Source data:
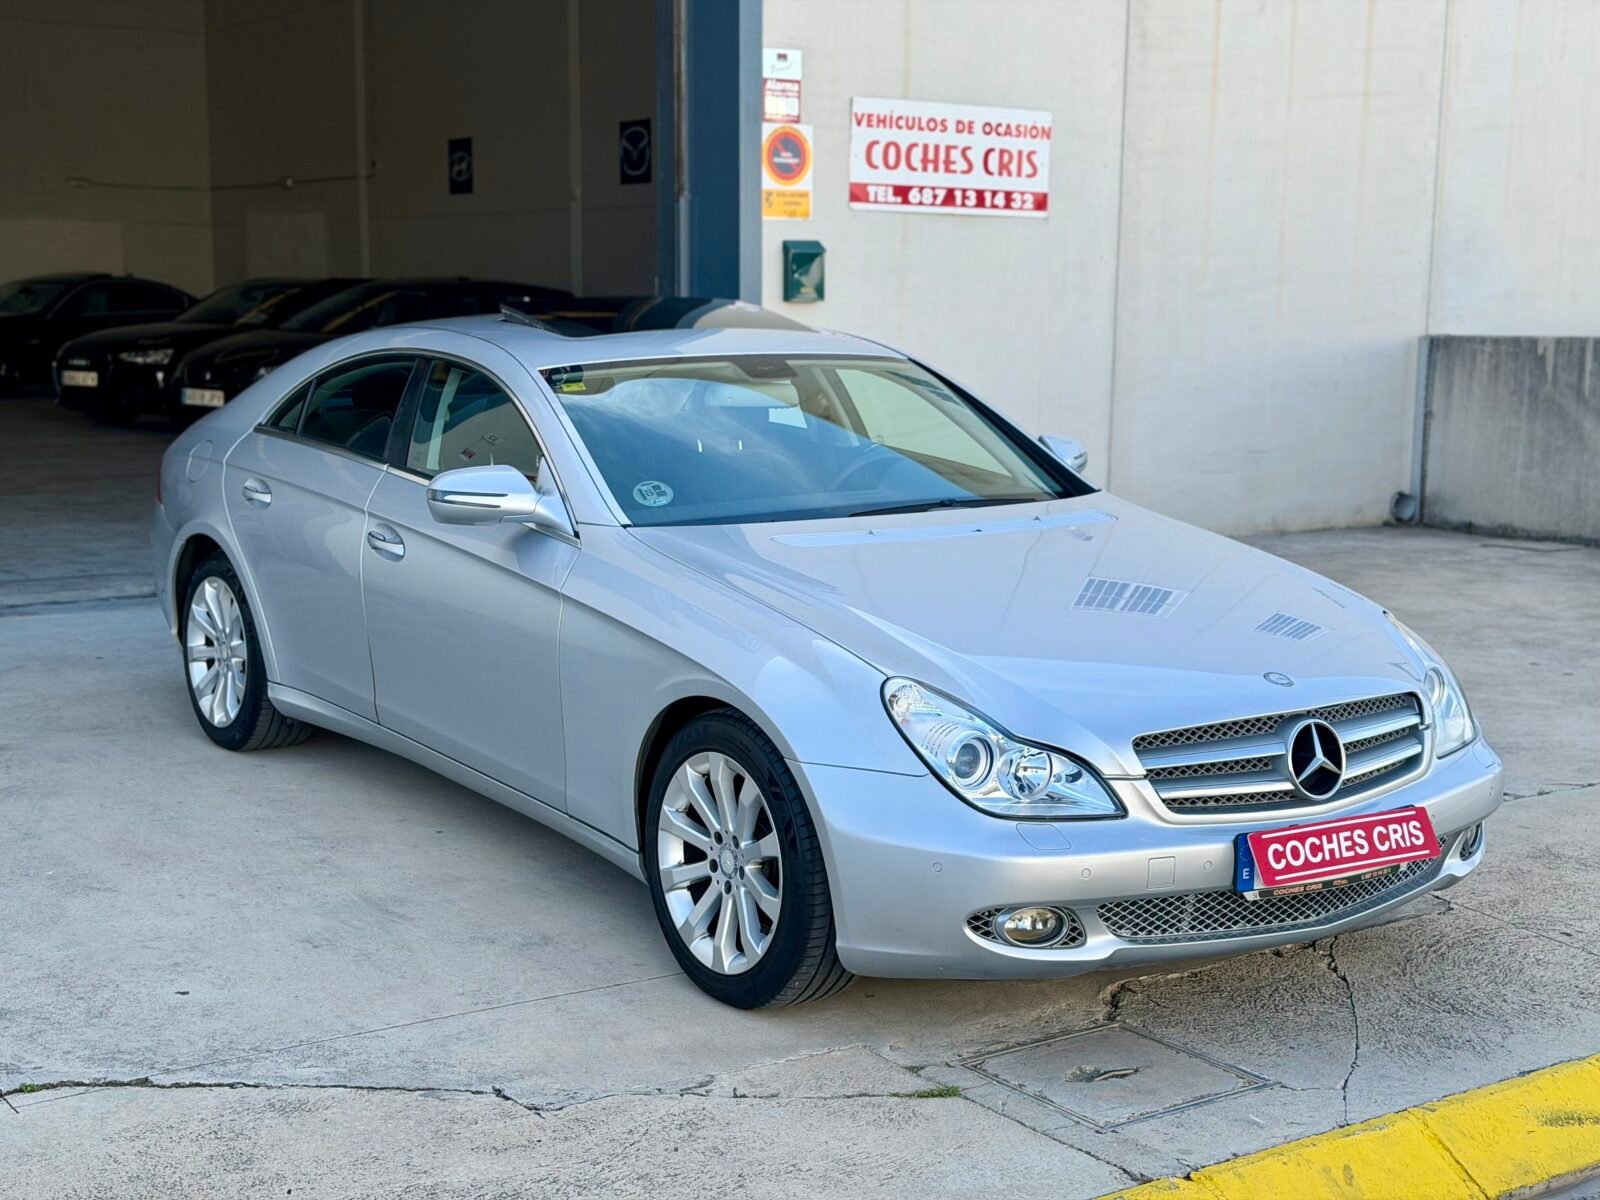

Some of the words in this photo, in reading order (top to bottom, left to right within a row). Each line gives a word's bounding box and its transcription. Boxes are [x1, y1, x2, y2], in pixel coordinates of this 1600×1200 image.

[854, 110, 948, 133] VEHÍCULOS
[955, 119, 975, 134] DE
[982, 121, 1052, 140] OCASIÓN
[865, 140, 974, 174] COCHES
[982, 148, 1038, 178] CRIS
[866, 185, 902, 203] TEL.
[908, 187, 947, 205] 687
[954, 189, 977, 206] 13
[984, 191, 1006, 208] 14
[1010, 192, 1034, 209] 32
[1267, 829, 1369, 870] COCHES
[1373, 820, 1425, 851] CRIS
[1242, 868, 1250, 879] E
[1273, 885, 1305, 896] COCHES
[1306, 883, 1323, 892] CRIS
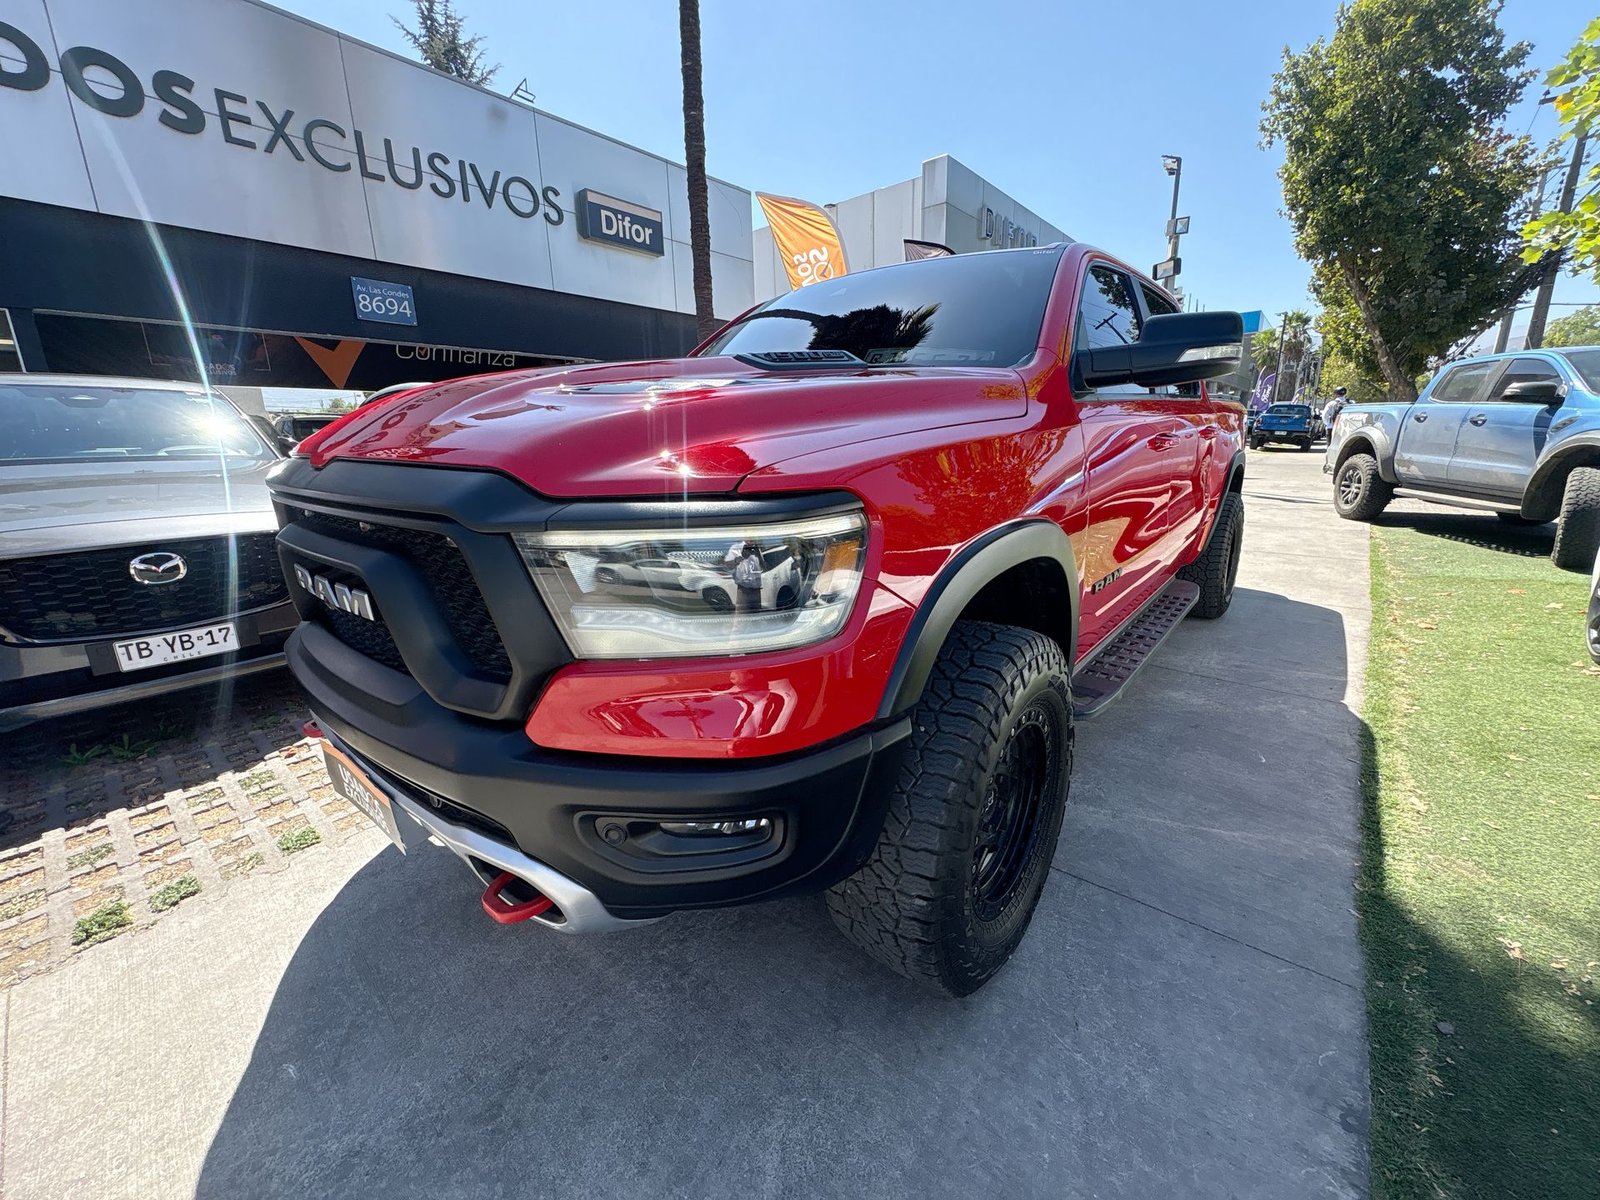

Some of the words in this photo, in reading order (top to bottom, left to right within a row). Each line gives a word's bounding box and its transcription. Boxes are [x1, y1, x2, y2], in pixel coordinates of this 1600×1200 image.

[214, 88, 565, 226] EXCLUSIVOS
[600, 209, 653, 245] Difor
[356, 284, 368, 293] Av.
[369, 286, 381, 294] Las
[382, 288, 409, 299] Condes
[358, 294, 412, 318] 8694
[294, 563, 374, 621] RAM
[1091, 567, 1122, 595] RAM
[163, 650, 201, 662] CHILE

WHAT IS EXPECTED: Every line above has to be output exactly; the pictures must be dropped.

RESULT OF THE EXERCISE:
Some of the words in this photo, in reading order (top to bottom, left to right within a row). Each line gives a word's bounding box and its transcription. Boxes are [x1, y1, x2, y2], in pixel coordinates of this 1600×1200 image.

[854, 110, 948, 133] VEHÍCULOS
[955, 119, 975, 134] DE
[982, 121, 1052, 140] OCASIÓN
[865, 140, 974, 174] COCHES
[982, 148, 1038, 178] CRIS
[866, 185, 902, 203] TEL.
[908, 187, 947, 205] 687
[954, 189, 977, 206] 13
[984, 191, 1006, 208] 14
[1010, 192, 1034, 209] 32
[1267, 829, 1369, 870] COCHES
[1373, 820, 1425, 851] CRIS
[1242, 868, 1250, 879] E
[1273, 885, 1305, 896] COCHES
[1306, 883, 1323, 892] CRIS

Some of the words in this photo, in reading order (top to bottom, left to right within a row). Each line gives a word's bounding box and its transcription. Boxes are [x1, y1, x2, y2], in pixel coordinates of this 1600×1200 image.

[214, 88, 565, 226] EXCLUSIVOS
[600, 209, 653, 245] Difor
[356, 284, 368, 293] Av.
[369, 286, 381, 294] Las
[382, 288, 409, 299] Condes
[358, 294, 412, 318] 8694
[294, 563, 374, 621] RAM
[1091, 567, 1122, 595] RAM
[163, 650, 201, 662] CHILE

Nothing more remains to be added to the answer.